AEF info : Est-ce que les ouvertures faites par Antoine Petit sur la délégation de gestion des UMR et sur le fait que le CNRS puisse devenir tutelle secondaire, vont dans le sens de ce que vous souhaitez ?
"il nous semblerait normal que la prochaine feuille de route du CNRS soit partagée avec les universités."
Manuel Tunon de Lara
Manuel Tunon de Lara : Antoine Petit fait un certain nombre de constats que nous partageons, et nous discuterons avec lui des propositions qu’il a en tête. Une chose est sûre, le fonctionnement actuel n’est pas satisfaisant et crée des tensions entre le CNRS et les universités. Les difficultés de gestion des UMR y contribuent mais cela ne résume pas les choses. Il y a une question d’état d’esprit, aussi d’orientations données par l’État, et il nous semblerait normal que la prochaine feuille de route du CNRS soit partagée avec les universités.
Nous avons besoin des universités et des organismes pour relever les grands défis sociétaux auxquels nous sommes confrontés. Pour ce faire, une programmation des financements de la recherche est nécessaire. C’est ce que l’État a commencé à faire en leur confiant le pilotage des PEPR. L’ambition internationale doit aussi être plus forte et ne doit pas entraîner une compétition entre établissements et organismes, par exemple sur les ERC ou les Hici researchers.
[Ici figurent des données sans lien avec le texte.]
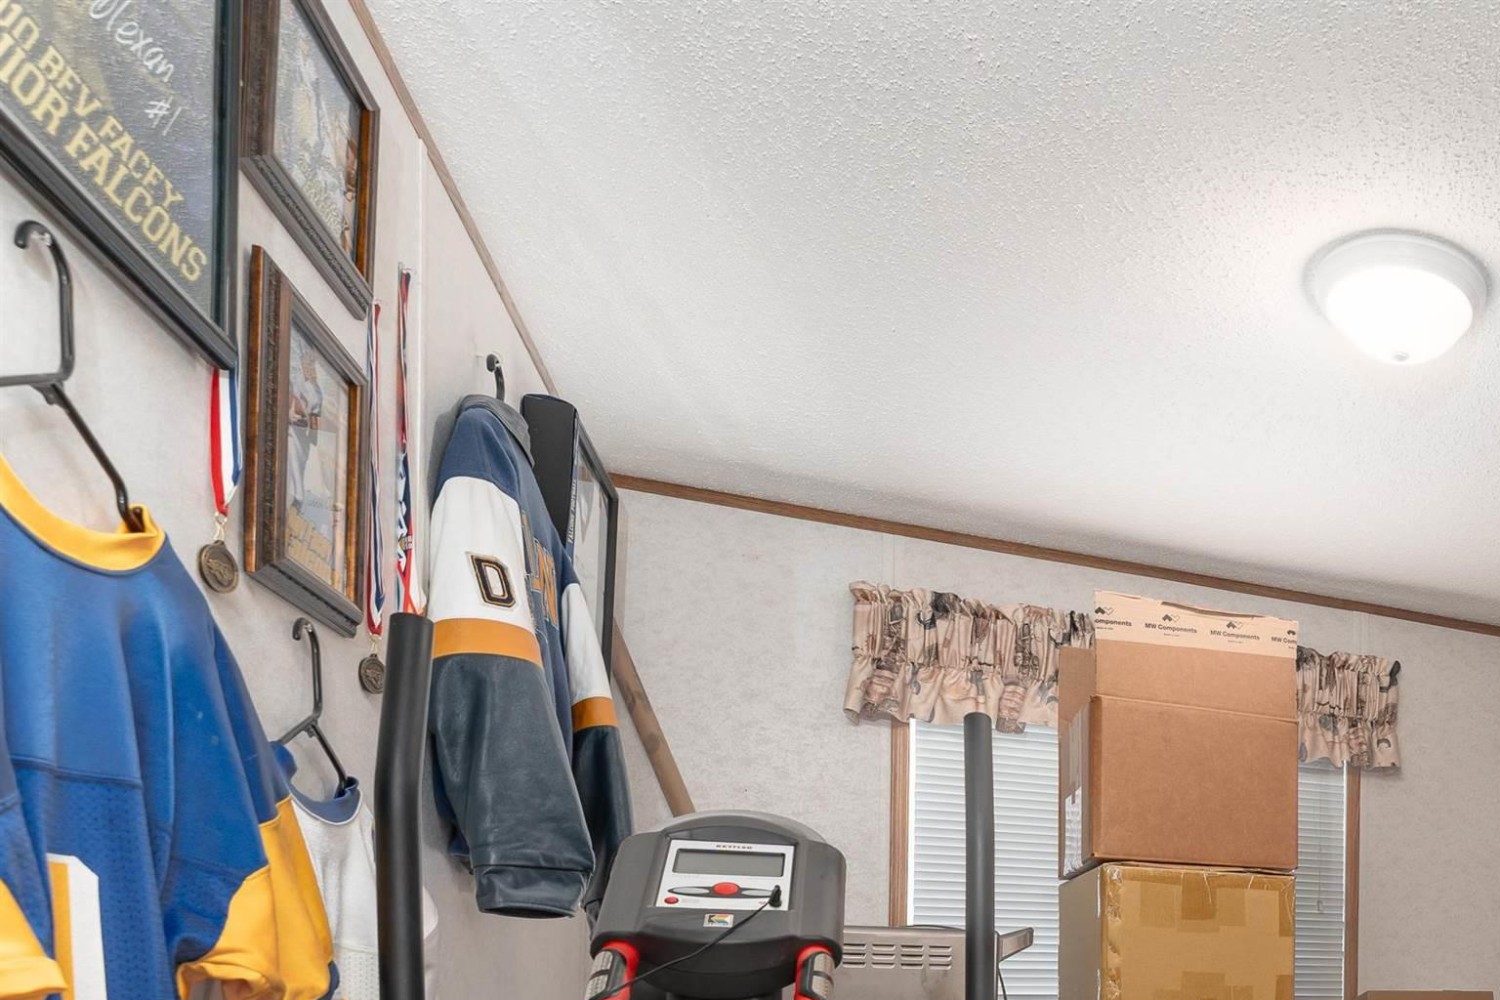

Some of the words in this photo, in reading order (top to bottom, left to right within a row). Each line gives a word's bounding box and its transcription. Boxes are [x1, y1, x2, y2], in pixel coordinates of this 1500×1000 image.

[144, 96, 184, 137] #1
[64, 122, 208, 281] FALCONS
[1095, 618, 1132, 627] omponents
[1158, 624, 1198, 634] Components
[1222, 631, 1260, 641] Components
Une différenciation des indicateurs de performance des organismes et des universités pour clarifier la stratégie de chacun pourrait être une piste…
AEF info : L’actualité des dernières semaines a été marquée par l’accord donné à TSE par le ministère de prendre le statut de grand établissement. Quelle est votre réaction sur ce dossier qui concerne l’un de vos membres, Toulouse-I ?
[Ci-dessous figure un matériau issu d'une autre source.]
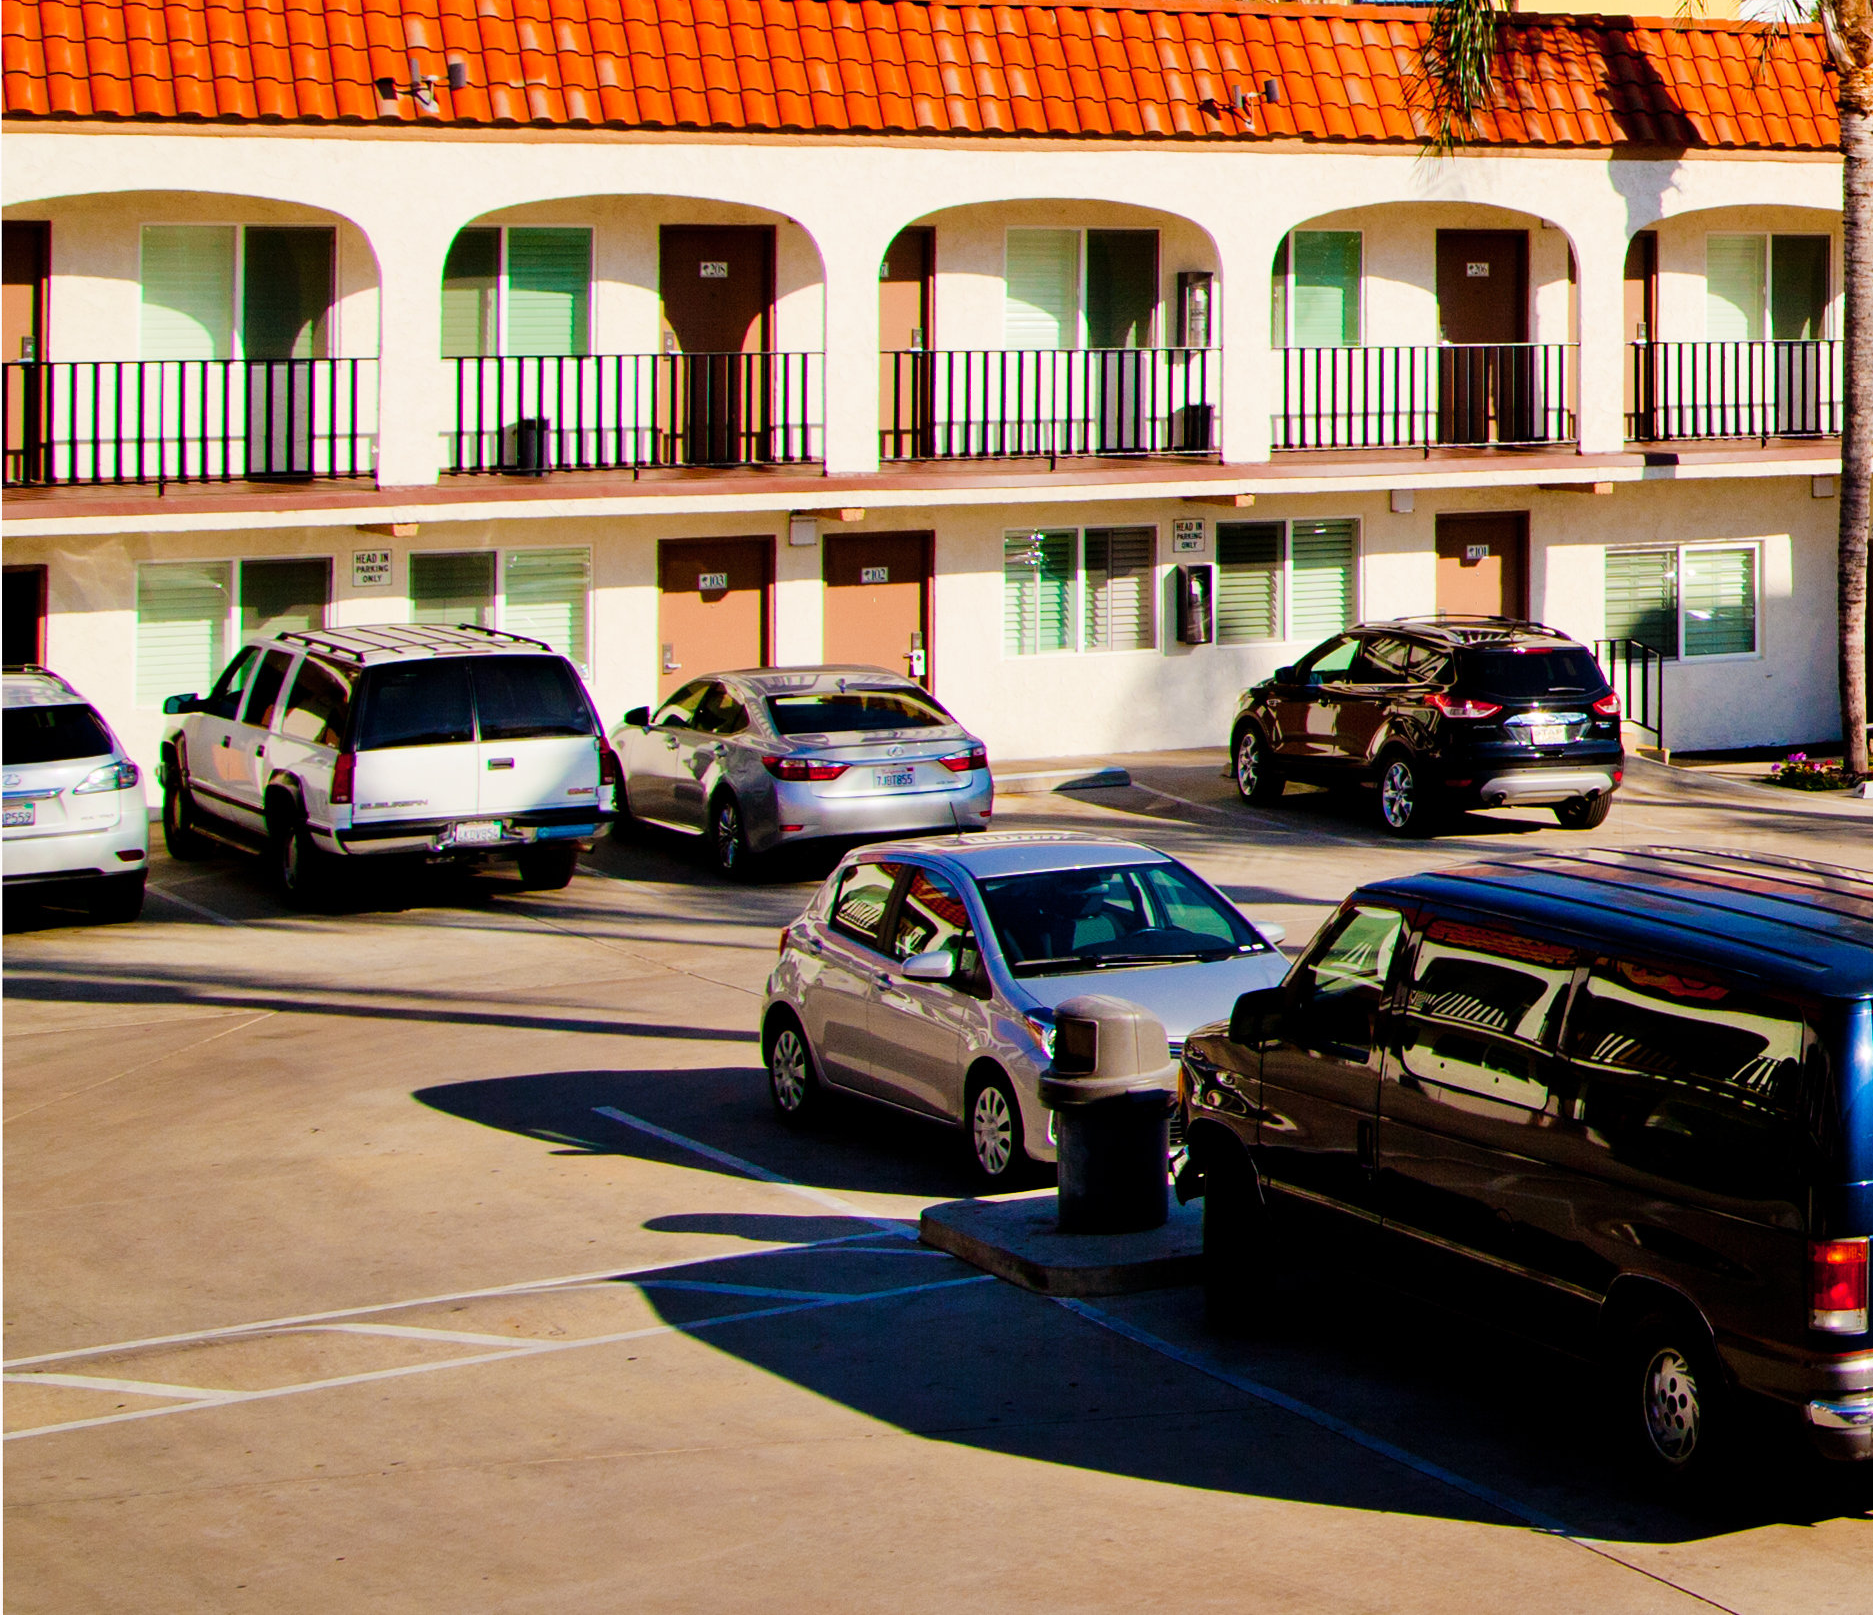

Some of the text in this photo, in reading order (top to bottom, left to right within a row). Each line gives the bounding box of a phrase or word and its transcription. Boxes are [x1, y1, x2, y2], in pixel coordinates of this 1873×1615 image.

[1176, 521, 1203, 531] HEAD IN
[355, 552, 389, 564] HEAD IN
[355, 564, 389, 574] PARKING
[361, 574, 382, 583] ONLY
[2, 811, 33, 824] P559
Manuel Tunon de Lara : Avant la lettre de la ministre en réponse au président Hugues Kenfack, le ministère ne s’était pas exprimé officiellement. Nous n’avons appris cela que par voie de presse et à travers la réaction de Toulouse-I qui nous a saisis sur la question. Son président a posé des questions précises à Frédérique Vidal sur le calendrier, le périmètre et le fondement juridique de cette décision. Tel qu’il a été conduit jusqu’ici, ce projet est un pied de nez à leur autonomie, il fragilise le rôle de leurs instances délibératives et entre en contradiction avec dix années de politique de l’État pour la simplification du paysage de l’ESRI.
Virginie Dupont : La réponse de la ministre semble proposer la création d’un établissement expérimental pour pouvoir donner la personnalité juridique à la composante TSE, nous n’avions pas compris que le dispositif d’EPE devait aller dans ce sens ! Par ailleurs, le timing de cette intervention, en pleines délibérations du jury de l’AAP "Excellences", est particulièrement malvenu.
Guillaume Gellé : Pour France Universités, le bon niveau d’échange est celui des établissements même si nous sommes favorables à accompagner et développer nos viviers d’excellence.